Values are expressed as mean ± standard deviation or number (%). *, P<0.05. ICU, intensive care unit; CRRT, continuous renal replacement therapy.


A total of 81 patients were followed up, with 4 patients from the control group lost to follow-up. The overall follow-up rate was 95.3%, with a follow-up duration ranging from 7 to 62 months, averaging 23±6.8 months. During the follow-up period, there were 2 deaths (3.9%) in the control group and 1 death (3.3%) in the preset pericardium group. No significant mediastinal infections were reported in either group.


TAAD is characterized by rapid onset and progression, and if a blood vessel ruptures, it can pose a life-threatening situation, necessitating immediate surgical intervention. When TAAD patients also present with AC, such as preoperative use of anticoagulant and antiplatelet medications, they are susceptible to bleeding or transfusion-related complications following total arch replacement surgery (14). In some cases, patients with acute aortic syndrome may initially be misdiagnosed as acute coronary syndrome and receive high-dose DAPT until being diagnosed with TAAD during coronary angiography. Refractory hypoxemia has been reported to occur after significant blood transfusions. Therefore, targeted treatment to restore coagulation function is crucial and necessary, as the patient’s AC function and postoperative hemostasis directly impact the clinical outcome (1-3,6).

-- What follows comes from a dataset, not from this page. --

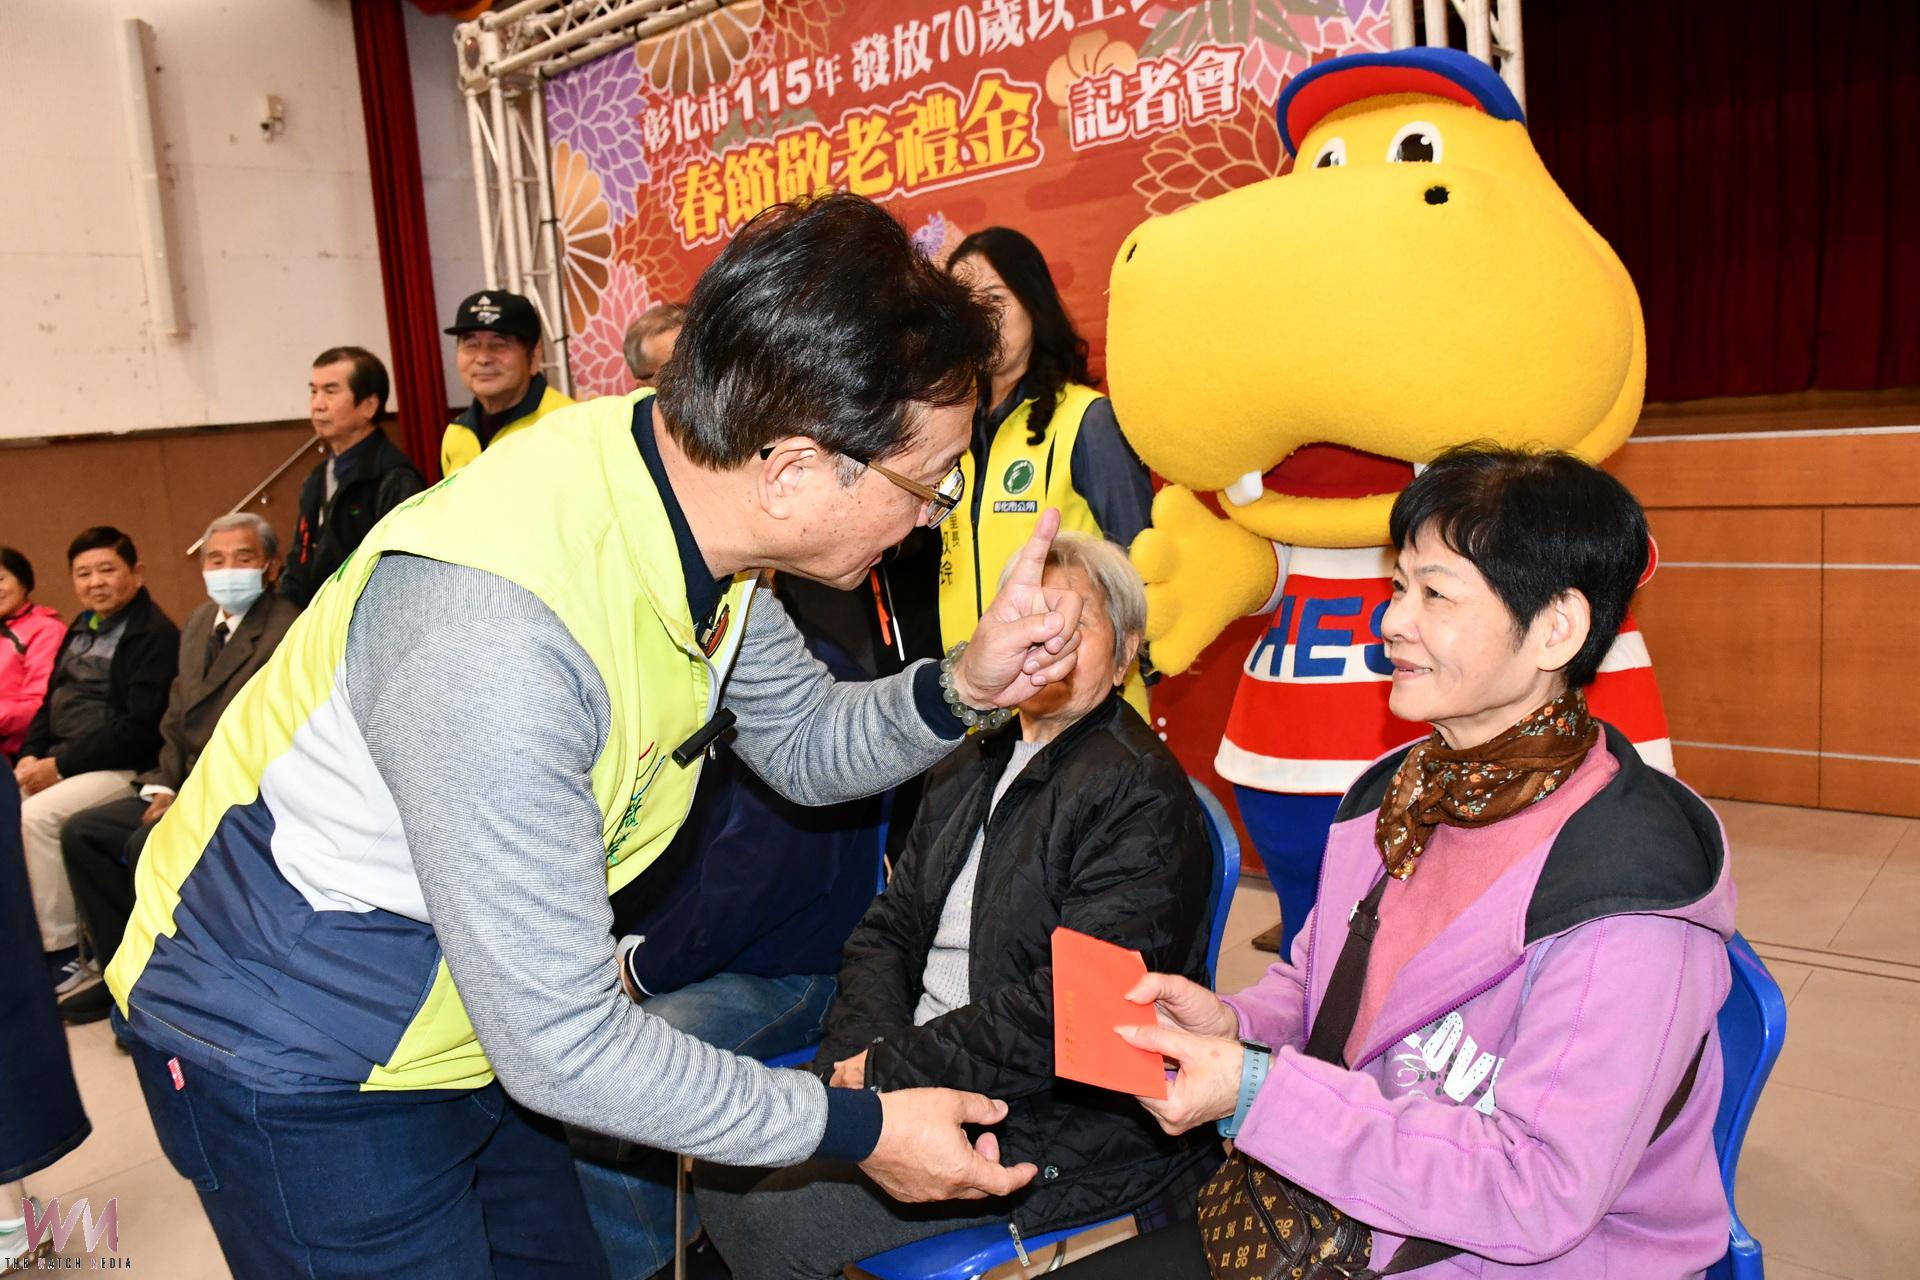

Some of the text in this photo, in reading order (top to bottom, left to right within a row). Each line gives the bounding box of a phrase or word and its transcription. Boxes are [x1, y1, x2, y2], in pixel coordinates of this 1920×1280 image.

For TAAD patients with AC prioritized to 2018, our center prioritizes a relatively straightforward surgical treatment strategy focused on the dissection, such as ascending aorta replacement alone (15). Total arch replacement surgery is typically indicated for TAAD patients with arch tears, arch aneurysms, circumferential dissection resulting from arch dissection, left common carotid artery dissection, or Marfan syndrome (16). The procedure often involves the use of a four-branched graft, resulting in extensive incisions and anastomoses, as well as selective cerebral perfusion under hypothermic circulatory arrest. The complexity of this surgery leads to prolonged CPB and operation times, which inevitably affect the body’s coagulation function and increase postoperative bleeding (17). Achieving hemostasis during total arch replacement in TAAD patients poses significant challenges, often resulting in intractable bleeding (18,19). Prioritized to 2018, patients with AC undergoing total arch replacement often required the use of artificial vascular patches or pericardial patches for anastomotic covering to address intractable bleeding (9,20). These interventions necessitated intraoperative design of wrapping schemes, demanding surgeons with advanced suturing skills. Prolonged hemostasis during forced wrapping, as well as the extended CPB and operation times, continually deplete the body’s coagulation function, leading to consumption coagulopathy and extensive blood transfusions (21).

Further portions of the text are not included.